Edgar Adrian Lemus, 23, and Francisco Javier Hernandez Martinez, 20, both of Vernon, and Junior Almendarez Martinez, 23, of Watts, are each charged with conspiracy to receive money obtained from the interstate transmission of a ransom demand for the release of a kidnapping victim, according to the U.S. Attorney's Office.

The defendants were previously ordered detained pending trial set for Aug. 17 in downtown Los Angeles.

According to court documents, each of the abductions targeted victims who were waiting or attempting to cross the border from Mexico into the United States. In each case, the kidnappers offered to assist in smuggling the victims across the border from Mexico, but instead would hold them for ransom, even if payments were made by their family members, according to prosecutors.

The kidnappers allegedly used specific sections at Walmart and other stores in Southern California to meet with the family members to collect the ransom payments. After the payments were made, however, the kidnappers demanded additional money rather than releasing the victim, according to an affidavit filed in Los Angeles federal court.

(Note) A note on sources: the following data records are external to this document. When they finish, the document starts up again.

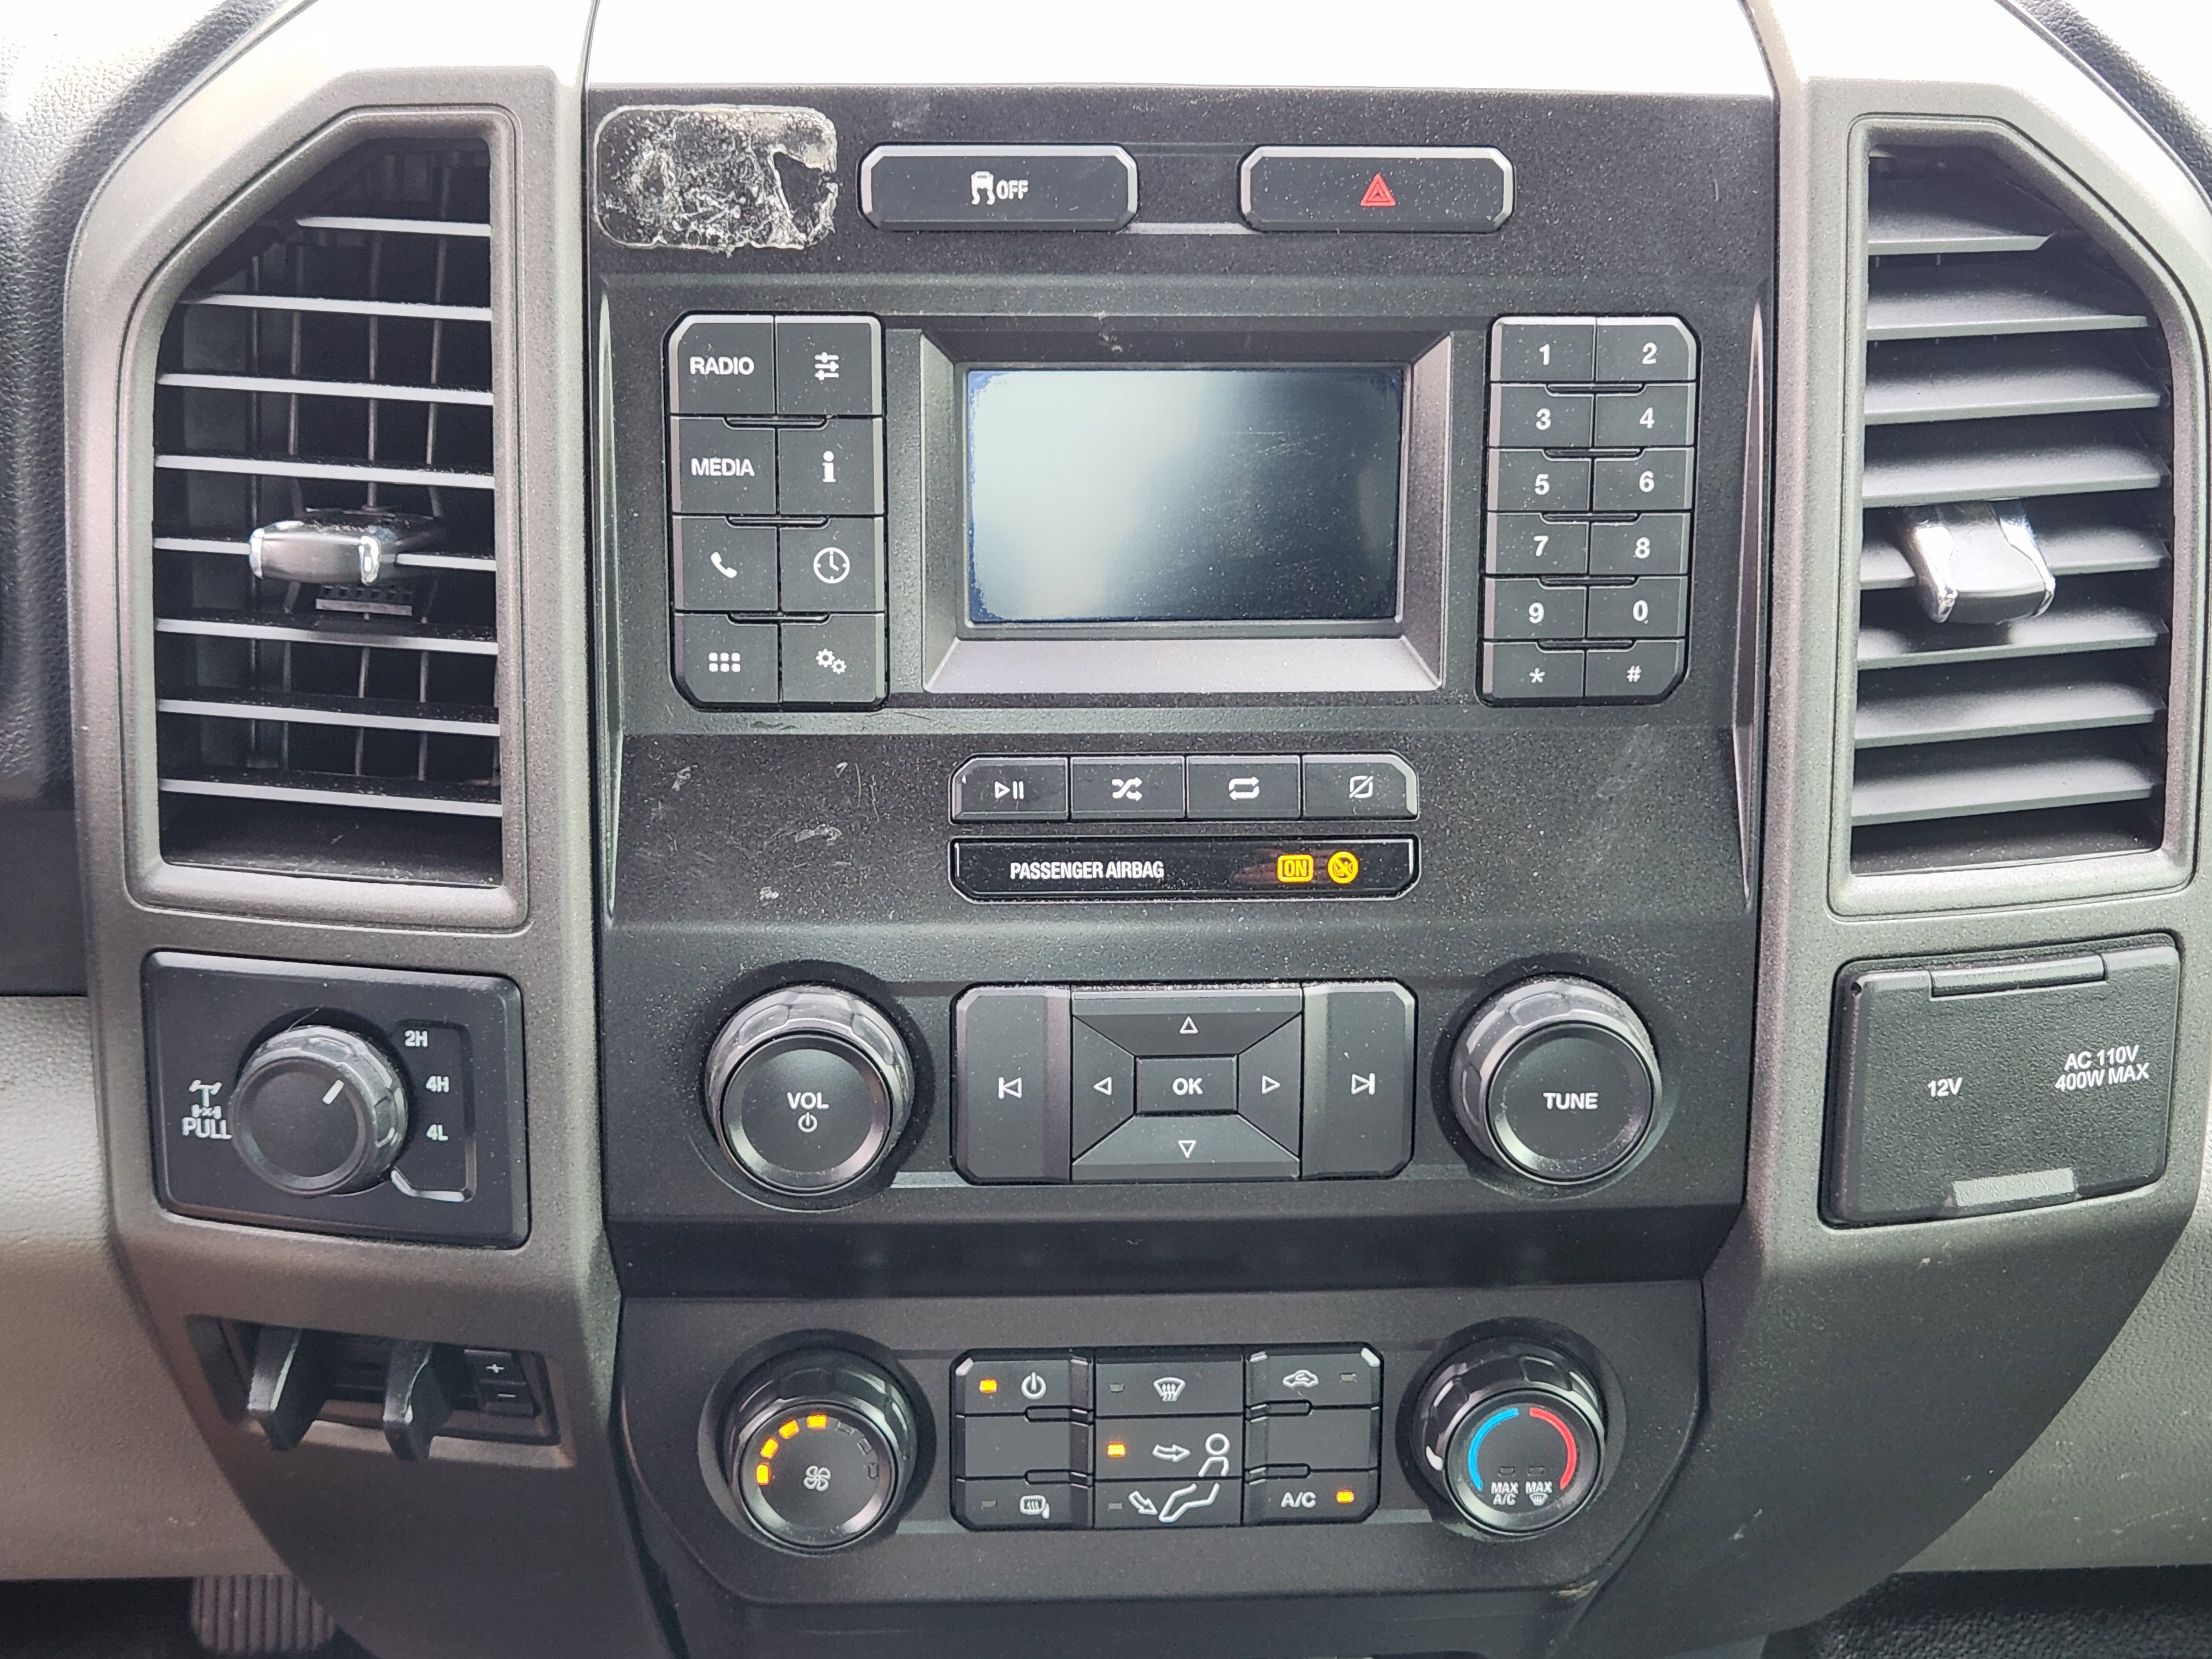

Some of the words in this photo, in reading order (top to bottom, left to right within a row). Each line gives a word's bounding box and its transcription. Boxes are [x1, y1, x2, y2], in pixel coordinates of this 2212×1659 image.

[997, 180, 1028, 199] OFF
[1540, 344, 1550, 365] 1
[1642, 343, 1657, 364] 2
[690, 357, 754, 375] RADIO
[1536, 409, 1551, 430] 3
[1640, 408, 1655, 429] 4
[692, 457, 755, 476] MEDIA
[1535, 474, 1550, 494] 5
[1640, 471, 1654, 492] 6
[1534, 536, 1548, 556] 7
[1635, 538, 1650, 559] 8
[1529, 603, 1544, 623] 9
[1633, 600, 1648, 621] 0
[1010, 862, 1104, 879] PASSENGER
[1106, 861, 1164, 878] AIRBAG
[1284, 859, 1307, 877] ON
[405, 1031, 427, 1047] 2H
[2064, 1052, 2093, 1071] AC
[2096, 1044, 2139, 1065] 110V
[426, 1076, 449, 1092] 4H
[1173, 1078, 1203, 1095] OK
[1928, 1077, 1963, 1097] 12V
[2054, 1070, 2103, 1092] 400W
[2109, 1063, 2150, 1081] MAX
[787, 1092, 829, 1109] VOL
[1543, 1093, 1598, 1109] TUNE
[182, 1118, 232, 1139] PULL
[427, 1124, 448, 1140] 4L
[1491, 1481, 1518, 1494] MAX
[1526, 1481, 1552, 1493] MAX
[1281, 1492, 1316, 1507] A/C
[1493, 1494, 1516, 1505] A/C

Investigators used video surveillance footage to identify Lemus, Hernandez and Almendarez as individuals that either picked up or received ransom payments from the victims' family members, the affidavit alleges.

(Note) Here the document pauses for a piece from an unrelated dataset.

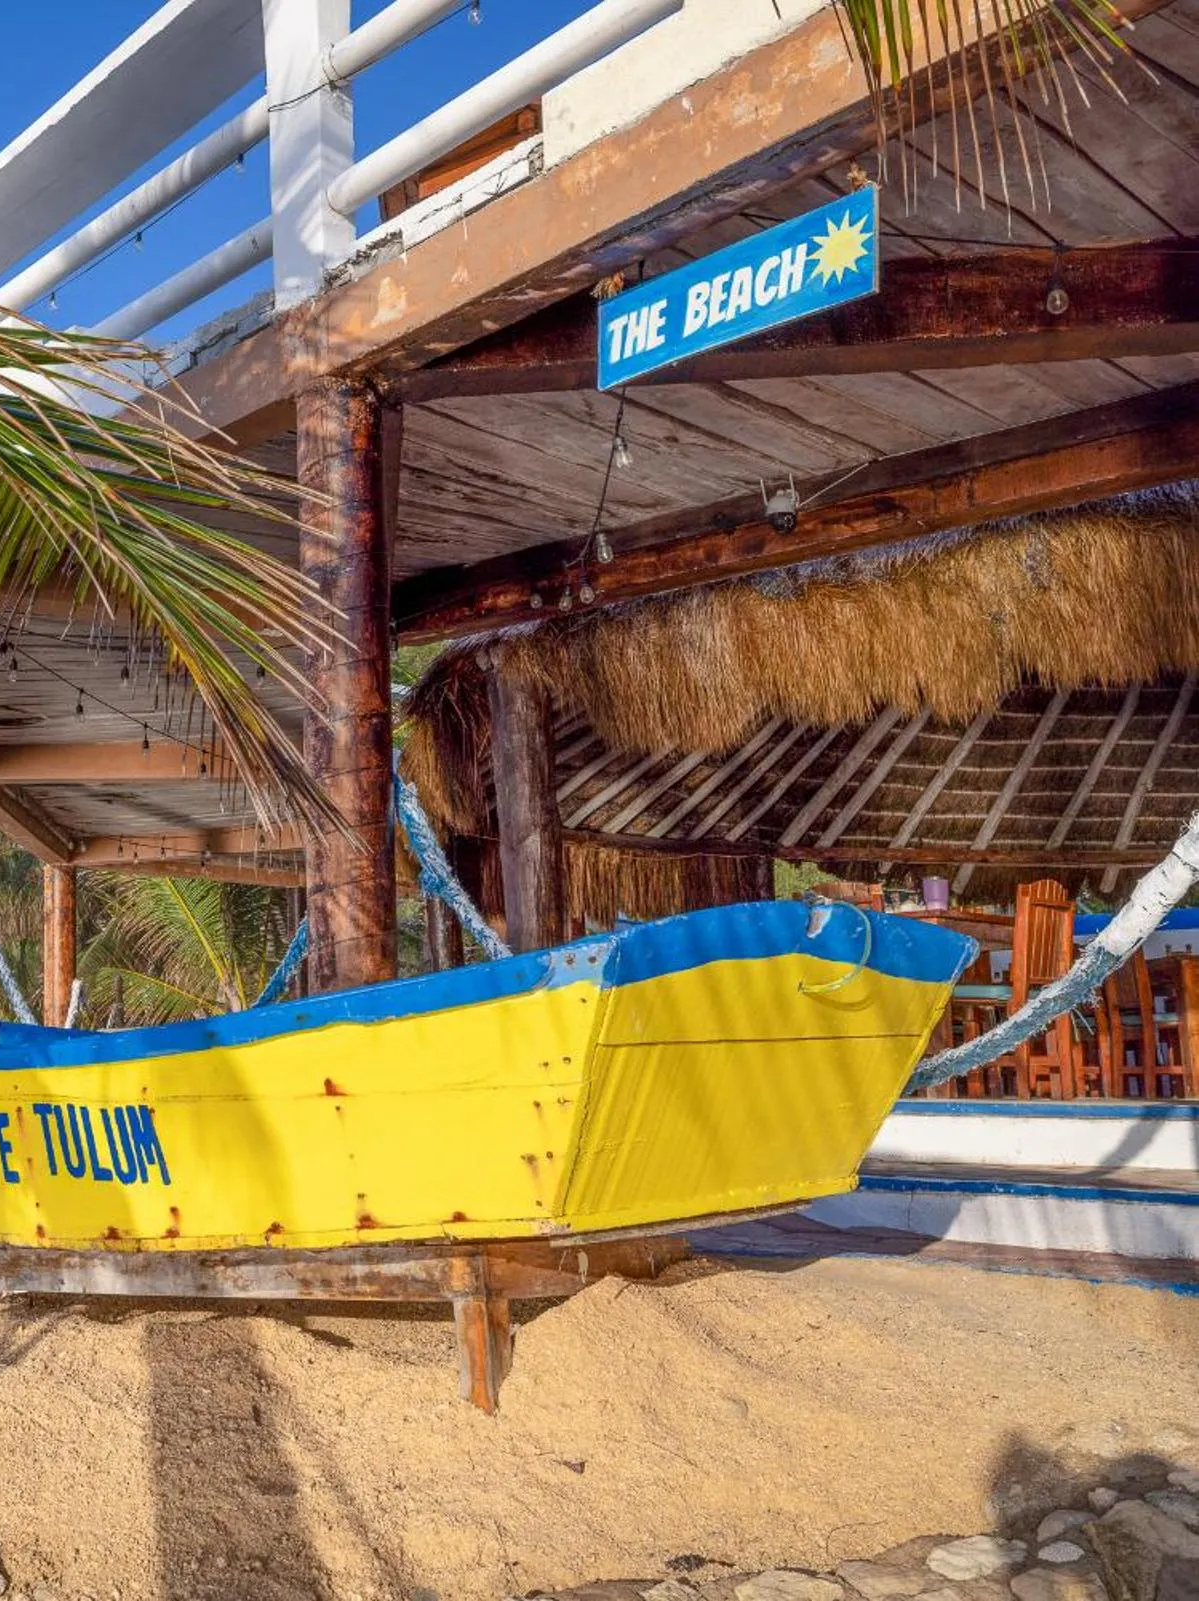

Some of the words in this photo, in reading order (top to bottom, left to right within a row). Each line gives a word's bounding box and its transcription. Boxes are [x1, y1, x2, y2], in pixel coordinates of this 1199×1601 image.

[607, 298, 668, 364] THE
[682, 243, 808, 338] BEACH
[33, 1103, 171, 1185] TULUM

Lemus allegedly picked up a $19,000 ransom payment on April 20 at a Walmart store in South Gate from the husband of a victim in Mexicali who had been promised she would be smuggled into the United States, but who had been abducted instead.

After delivering the payment, the kidnappers allegedly refused to release the victim and demanded additional payment. After her husband told the kidnappers that they had made him crash his car and he was in the streets begging for more money, they stopped calling him. The victim was released on April 22.

Hernandez allegedly picked up a $15,000 ransom payment on May 26 at a Walmart in Paramount from the husband of another kidnapping victim who was being held in Mexicali. After the ransom payment was made, the kidnappers demanded an additional $16,000 because the victim purportedly broke a package believed to contain narcotics, the affidavit states. All three allegedly were seen together on May 31 at a shopping center in Pico Rivera for another ransom payment pickup.

Almendarez was observed with Lemus and Hernandez after Lemus picked up a ransom payment at a Target store in South Gate, the affidavit alleges. From Feb. 9 to June 2, Almendarez allegedly made 10 cash transfers -- all but one sent to individuals in Mexico -- totaling $14,720 at a MoneyGram store in Lynwood. Several of the transfers were sent to a receiving MoneyGram agent in Mexicali, where the kidnappings occurred, prosecutors allege.